Benjamin J. L. Murray
Davidson School of Chemical Engineering, Purdue University
Undergraduate Research Assistant

This notebook makes simple computations of Graver basis. Because of the complexity of these computation, we suggest that for more complicated problems you install the excellent 4ti2 software, an open-source implementation of several routines useful for the study of integer programming through algebraic geometry. It can be used as a stand-alone library and call it from C++ or from Python. In python, there are two ways of accessing it, either through Sage (which is an open-source mathematics software) or directly compiling it and installing a thing called a Python wrapper

Introduction to GAMA

The Graver Augmentation Multiseed Algorithm (GAMA) was proposed by two papers by Alghassi, Dridi, and Tayur from the CMU Quantum Computing group. The three main ingredients of this algorithm, designed to solve integer programs with linear constraints and nonlinear objective, are:

• Computing the Graver basis (or a subset of it) of an integer program.

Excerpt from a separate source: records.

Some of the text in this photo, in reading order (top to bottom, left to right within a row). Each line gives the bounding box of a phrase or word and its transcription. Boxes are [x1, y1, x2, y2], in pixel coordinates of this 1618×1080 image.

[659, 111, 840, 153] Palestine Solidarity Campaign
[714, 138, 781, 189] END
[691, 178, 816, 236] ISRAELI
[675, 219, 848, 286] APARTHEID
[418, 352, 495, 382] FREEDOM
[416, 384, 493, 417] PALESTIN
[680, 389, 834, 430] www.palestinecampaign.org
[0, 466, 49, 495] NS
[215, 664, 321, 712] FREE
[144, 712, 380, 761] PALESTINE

• Performing an augmentation.

• Given that only for certain objective functions, the Graver augmentation is guaranteed to find a globally optimal solution, the algorithm is initialized in several points.

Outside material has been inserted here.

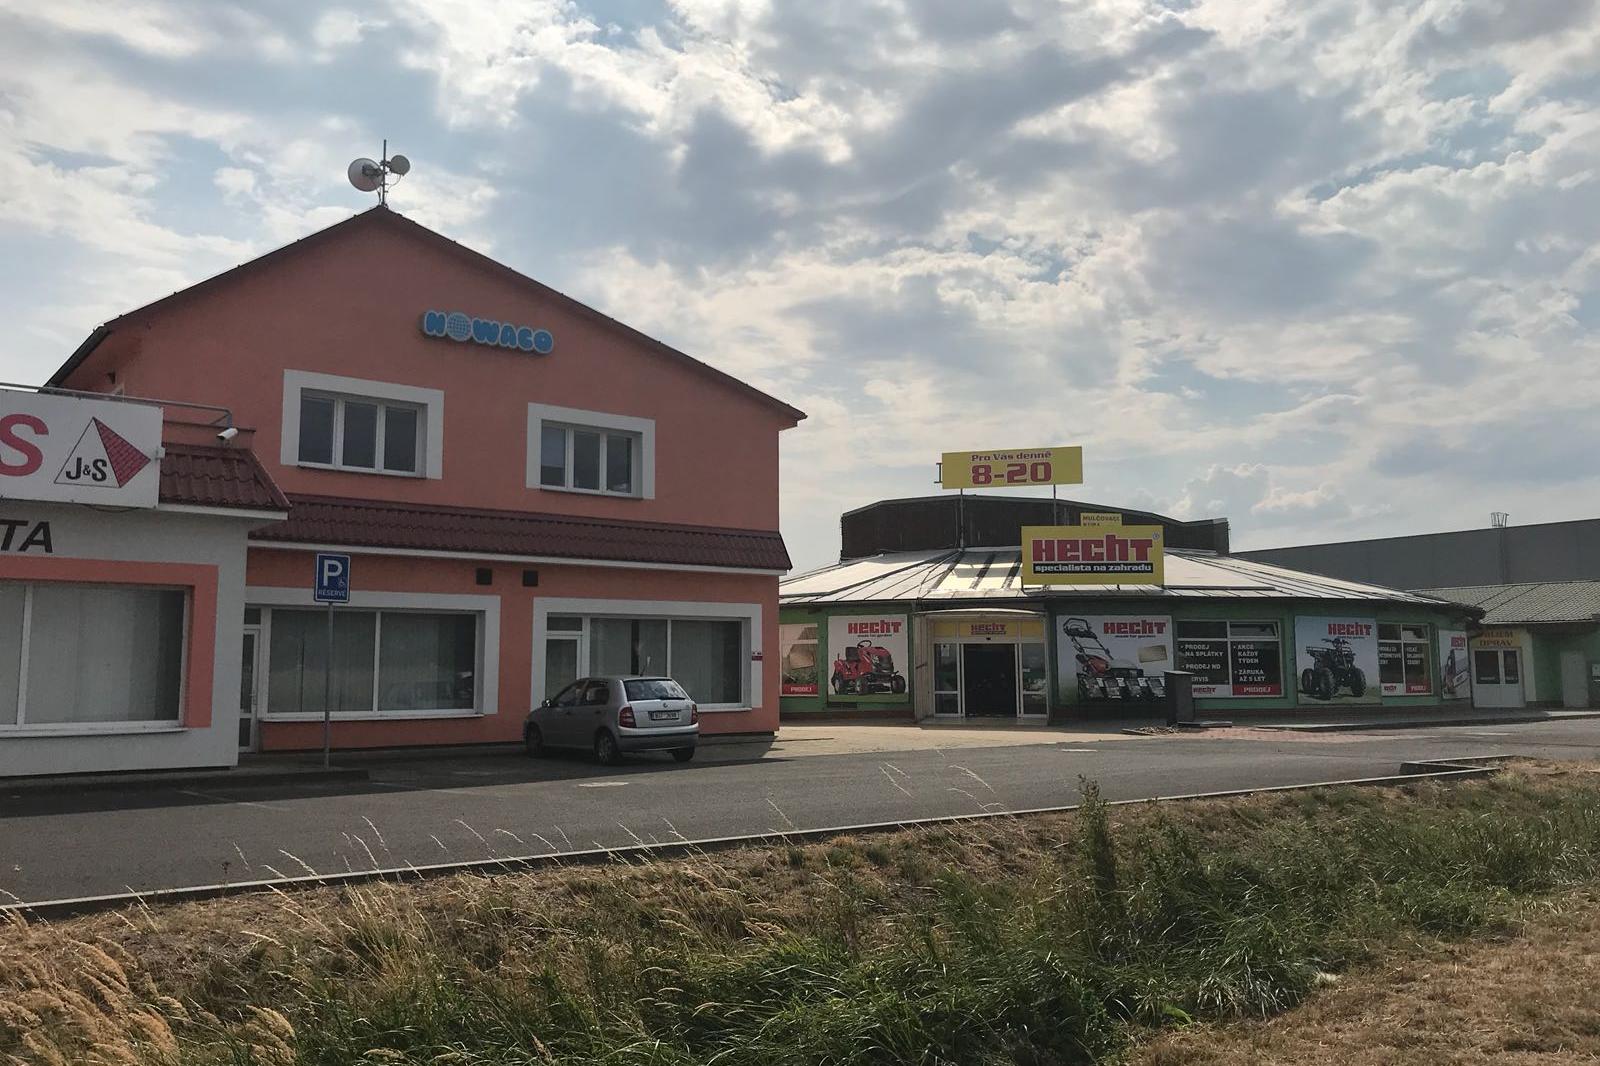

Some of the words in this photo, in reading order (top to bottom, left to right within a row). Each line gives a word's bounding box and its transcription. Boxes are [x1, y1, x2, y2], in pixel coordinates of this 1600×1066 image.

This algorithm can be adapted to take advantage of Quantum Computers by leveraging them as black-box Ising/QUBO problem solvers. In particular, obtaining several feasible solution points for the augmentation and computing the Kernel of the constraint matrix can be posed as QUBO problems. After obtaining these solutions, other routines implemented in classical computers are used to solve the optimization problems, making this a hybrid quantum-classical algorithm.

Introduction to Graver basis computation

A Graver basis is defined as

\[ \mathcal{G}(\mathbf{A}) = \bigcup_{j} \mathcal{H}_{j}(\mathbf{A}) \]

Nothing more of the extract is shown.